Timm: Das freut mich sehr. Es ist die München-Premiere. Auf den Festivals in Nyon, Oberhausen oder Leipzig wurde er schon gezeigt. Und auch in Armenien, beim Golden Apricot Festival. Dort haben die Forscher den Film das erste Mal gesehen. Sie waren angetan von meiner Interpretation, leider konnte ich nicht dabei sein.

sueddeutsche.de: Haben Sie Angst, dass Ihr Film nicht gut ankommen könnte?

Timm: Kurz davor bekomm ich bestimmt richtig Lampenfieber.
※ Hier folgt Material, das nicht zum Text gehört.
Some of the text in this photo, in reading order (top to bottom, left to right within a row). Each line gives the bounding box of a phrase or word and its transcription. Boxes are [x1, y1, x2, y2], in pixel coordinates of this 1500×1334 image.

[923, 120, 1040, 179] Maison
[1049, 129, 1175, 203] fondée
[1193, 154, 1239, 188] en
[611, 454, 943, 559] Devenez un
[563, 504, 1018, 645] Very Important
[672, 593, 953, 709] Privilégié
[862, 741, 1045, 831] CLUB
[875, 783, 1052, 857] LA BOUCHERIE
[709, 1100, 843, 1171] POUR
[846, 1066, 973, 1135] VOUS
Vorführungen laufen immer ganz unterschiedlich ab. Mal lacht der Saal ständig, mal ist es den ganzen Film über still. Man weiß nie, wie das Publikum den Film aufnimmt.
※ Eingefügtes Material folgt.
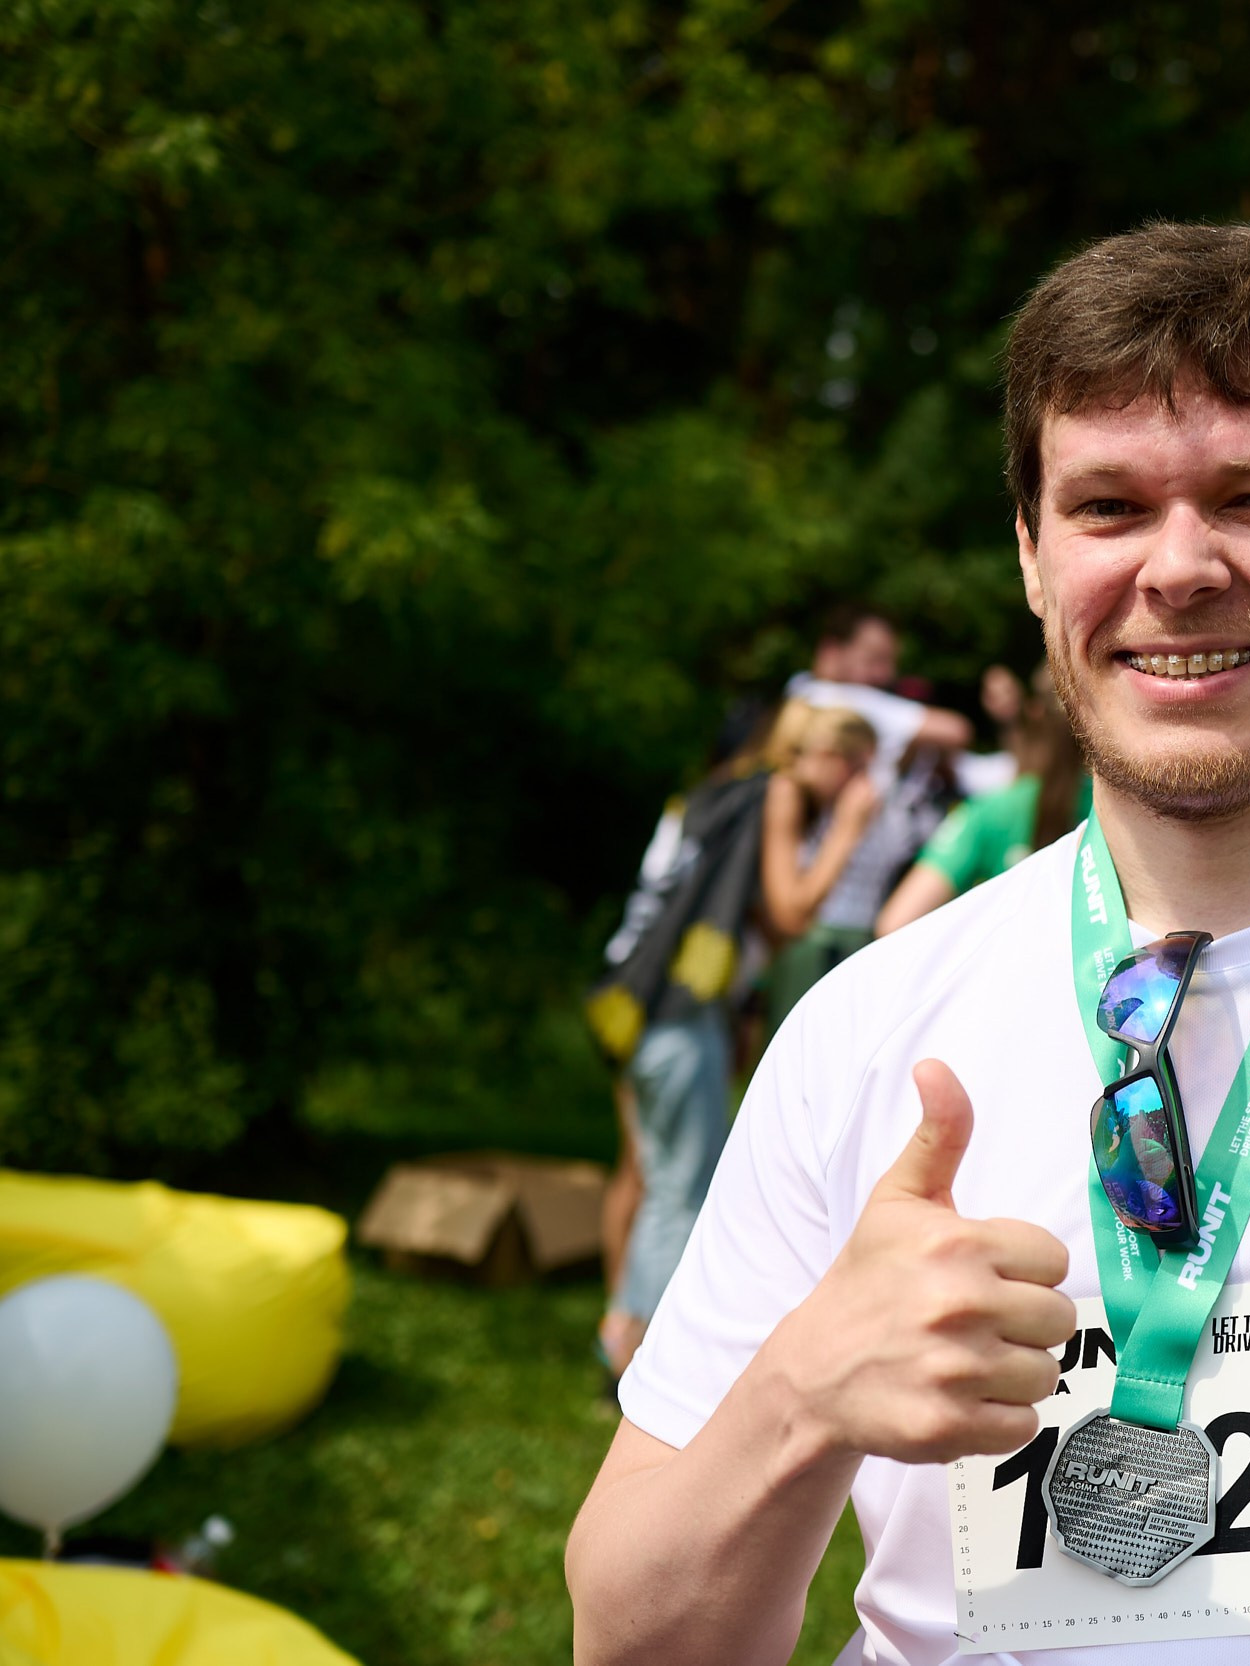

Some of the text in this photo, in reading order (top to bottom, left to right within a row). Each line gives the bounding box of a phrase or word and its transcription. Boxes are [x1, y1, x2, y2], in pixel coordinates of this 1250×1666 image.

[1080, 843, 1108, 925] RUNIT
[1103, 947, 1115, 964] LET
[1093, 950, 1106, 980] DRIVE
[1229, 1135, 1242, 1154] LET
[1236, 1116, 1250, 1134] THE
[1114, 1216, 1127, 1244] YOUR
[1177, 1181, 1232, 1291] RUNIT
[1119, 1246, 1133, 1281] WORK
[1212, 1315, 1239, 1337] LET
[954, 1462, 964, 1470] 35
[1064, 1460, 1157, 1495] RUNIT
[956, 1483, 965, 1491] 30
[1068, 1480, 1099, 1494] AGIMA
[957, 1504, 967, 1512] 25
[959, 1525, 969, 1533] 20
[1149, 1524, 1196, 1539] DRIVE YOUR WORK
[1171, 1521, 1189, 1530] SPORT
[960, 1546, 970, 1554] 15
[962, 1568, 971, 1576] 10
[967, 1589, 973, 1597] 5
[968, 1610, 974, 1618] 0
[982, 1625, 988, 1633] 0
[1001, 1623, 1006, 1631] 5
[1019, 1621, 1029, 1630] 10
[1042, 1620, 1052, 1628] 15
[1065, 1618, 1075, 1627] 20
[1088, 1616, 1098, 1625] 25
[1111, 1615, 1121, 1623] 30
[1134, 1613, 1145, 1622] 35
[1158, 1611, 1168, 1620] 40
[1181, 1610, 1192, 1618] 45
[1205, 1608, 1211, 1617] 0
[1223, 1607, 1229, 1615] 5
sueddeutsche.de: Ihr nächster Film spielt wieder in der Ferne?

Timm: Nein, diesmal bin ich in München geblieben. Es geht um Koch-Auszubildende. Das Thema Kochen zieht sich durch alle meine Filme, in "Cosmic Station" spielen die Köche der Forschungsstation eine Rolle. Nach der Schule habe ich einmal ein Praktikum in einem Restaurant gemacht und danach eines beim Dreh von Helmut Dietls "Rossini". Dann habe ich mich doch für den Film entschieden.

sueddeutsche.de: Und bald geht's nach Hollywood?

Timm: Naja, eigentlich will ich in München bleiben. Viele junge Regisseure wandern allerdings nach Berlin ab. Es gibt es mehr Orte, an denen Filme jenseits des Mainstreams gezeigt und diskutiert werden. Vor allem aber sind die Mieten in Berlin erschwinglich. In der Übergangsphase nach dem Studium können sich viele Regisseure München einfach nicht leisten und manche bleiben dann endgültig weg. Die Stadt München vergibt aber immerhin den Starter-Filmpreis, der mit 6000 Euro dotiert ist. So etwas hilft. Aber es müsste da noch eine andere Art von Unterstützung geben, ich denke da vor allem an zeitweise Mietzuschüsse oder an die Vermittlung von billigen Wohnungen oder Arbeitsräumen. Aber auch die Filmemacher oder Filmbegeisterte könnten selber mehr auf die Beine stellen und Vorführungen und Diskussionen organisieren. Toll ist zum Beispiel das Projekt der Raumwandler. Die zeigen regelmäßig besondere Filme und suchen jedes Mal einen Ort aus, der genau zu dem Film passt.

"Cosmic Station" läuft am Mittwoch, den 19. November um 14:30 Uhr und am Freitag, den 21. November um 22 Uhr im Filmmuseum. Das komplette Programm des Festivals der Filmhochschulen gibt es unter www.filmschoolfest-munich.de.